When one phase ends, it is as though a part of you knows there is an approaching ending. The phase may or may not align to your biological age. It is worth paying attention to, because if you are struggling, it could be due to a phase ending.

However, with the right mindset and care for yourself, you can release the phase that is ending and move with grace into the approaching phase. Depending on the source, you might hear that there are four or five life stages. For example, Learning Mind1 lists the four life stages as:

  • Stage One – Basics (this is where you mimic what you see, hear and sense others doing)
  • Stage Two – Discovery (you are starting to learn who you are)
  • Stage Three – Priorities (during this stage, you start to set life priorities)
  • Stage Four – Finding Meaning (it is a time when you are preparing to pass along your legacy)

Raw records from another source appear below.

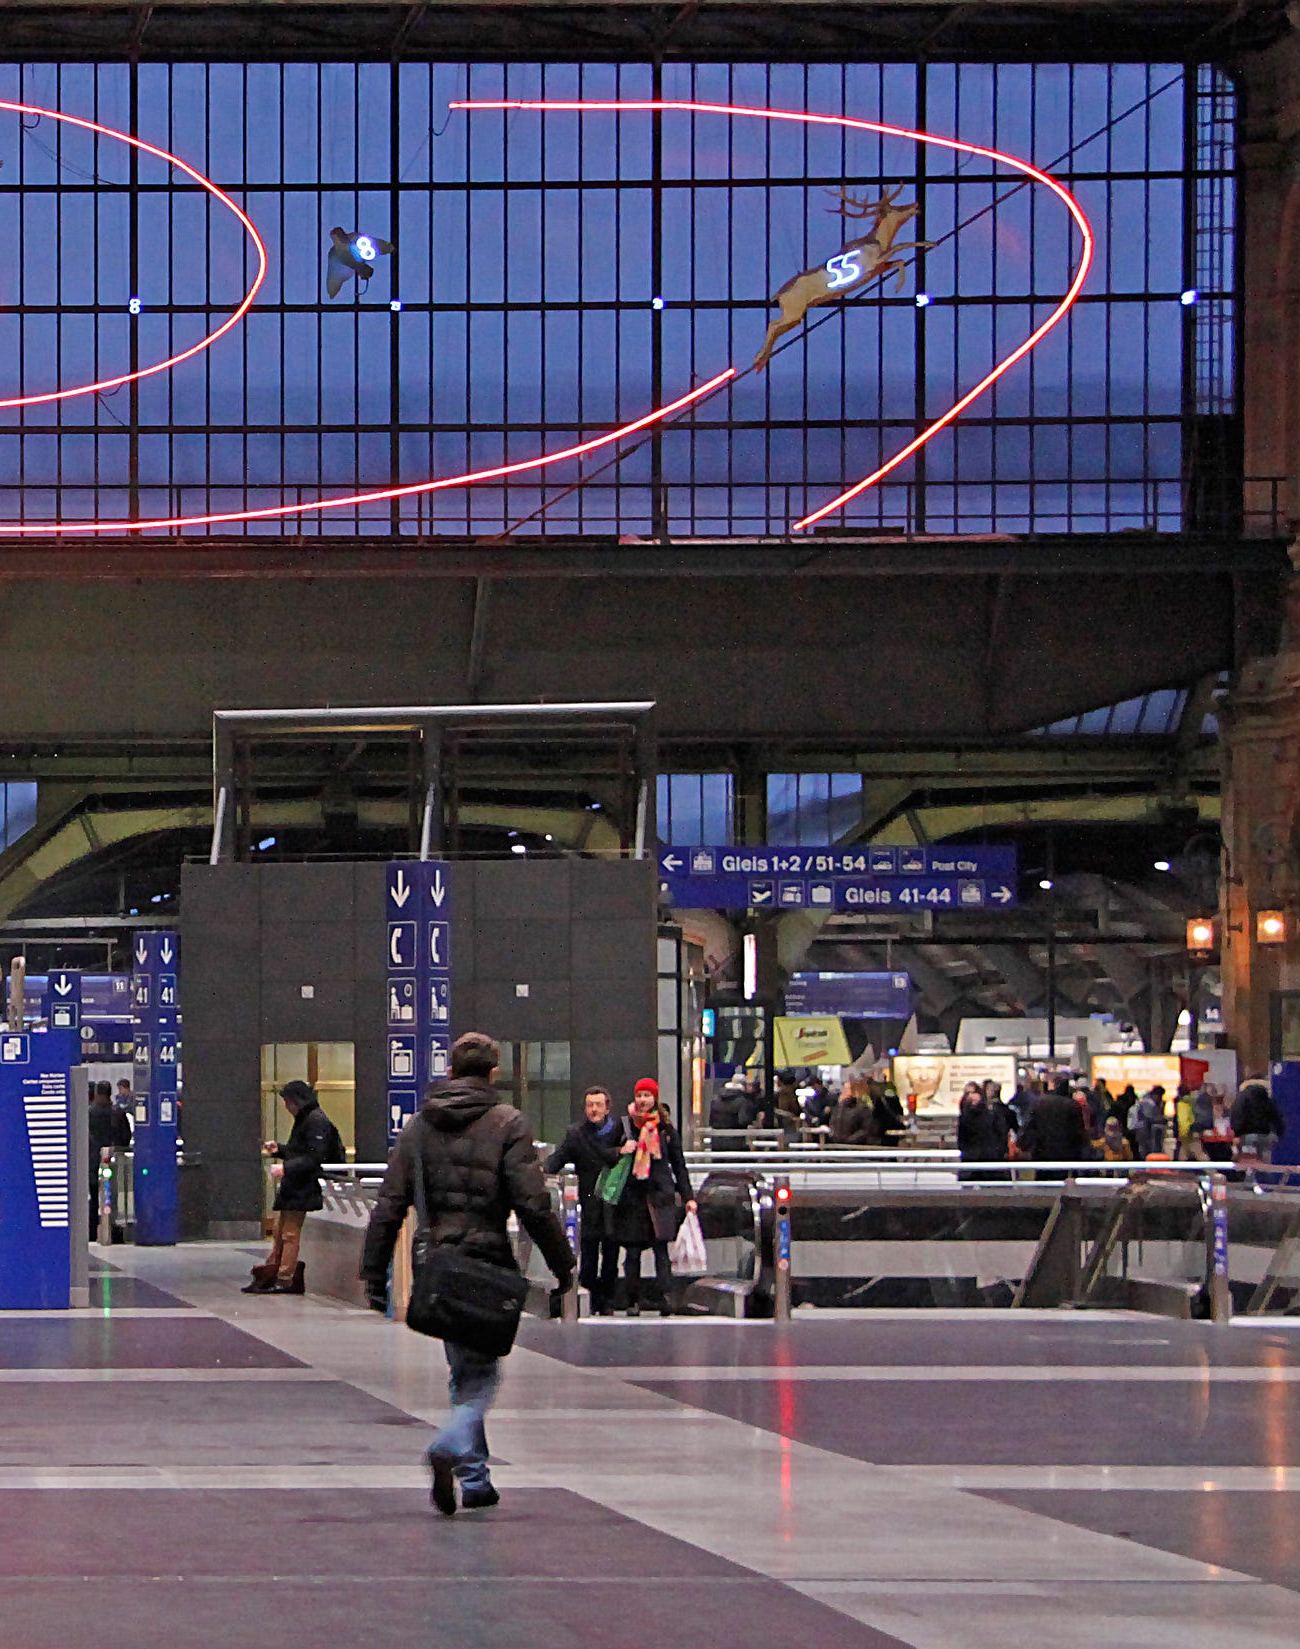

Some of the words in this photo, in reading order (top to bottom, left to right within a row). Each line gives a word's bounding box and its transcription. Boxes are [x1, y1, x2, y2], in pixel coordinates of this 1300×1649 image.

[356, 236, 376, 261] 8
[826, 249, 861, 288] 55
[129, 298, 141, 314] 8
[722, 855, 768, 872] Gleis
[772, 855, 801, 872] 1+2
[816, 855, 866, 872] 51-54
[932, 861, 955, 872] Post
[957, 861, 978, 873] City
[845, 887, 892, 904] Gleis
[899, 887, 951, 904] 41-44
[136, 987, 148, 1003] 41
[161, 987, 174, 1003] 41
[135, 1046, 148, 1062] 44
[160, 1046, 174, 1062] 44

Taking a Closer Look at Life Phases

CNBC reports that there are five life stages.2 Like the Learning Mind stages, these stages align to your biological age. You might enjoy reading the stages in depth to see how they differ and if any stage resonates with you. It could lead to the beginning of a new self-discovery for you. Here are the stages that CNBC shares:

  • Stage One – Dreamer
  • Stage Two – Explorer
  • Stage Three – Builder
  • Stage Four – Mentor
  • Stage Five – Giver

In this case, the fourth and fifth stages bring to mind wealthy businessmen like John D. Rockefeller and Andrew Carnegie. These men spent decades amassing wealth only to give it away during their latter earthly years.

Which Stage Are You In?

Depending on your life experiences, you might find yourself moving through life phases that extend beyond the above four or five stages. As an example, Institute for Life shares that there are twelve life stages.3 But again, these stages align to biological age which might not actually be what is happening (more on that later).

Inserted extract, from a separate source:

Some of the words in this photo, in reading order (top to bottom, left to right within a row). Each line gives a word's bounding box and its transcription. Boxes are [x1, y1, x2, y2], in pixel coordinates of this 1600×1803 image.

Here is a final look at another set of life stages. These are the twelve life stages outlined by Institute for Life:

  • Rebirth – Potential
  • Birth – Hope
  • Infancy – Vitality
  • Early Childhood – Playfulness
  • Middle Childhood – Imagination
  • Late Childhood – Ingenuity
  • Adolescence – Passion
  • Early Adulthood – Enterprise
  • Midlife – Contemplation
  • Mature Adulthood – Benevolence
  • Late Adulthood – Wisdom
  • Death and Dying – Life

Because culture has profound influence on you, moving through life phases with grace can align with culture. You will certainly learn about moving through life phases by watching your elders. From your parents to your grandparents, great aunts, great uncles and great-grandparents, you are learning.

Culture and Life Shifts

It does not matter what your biological age is. You never stop learning. And as you learn, you teach.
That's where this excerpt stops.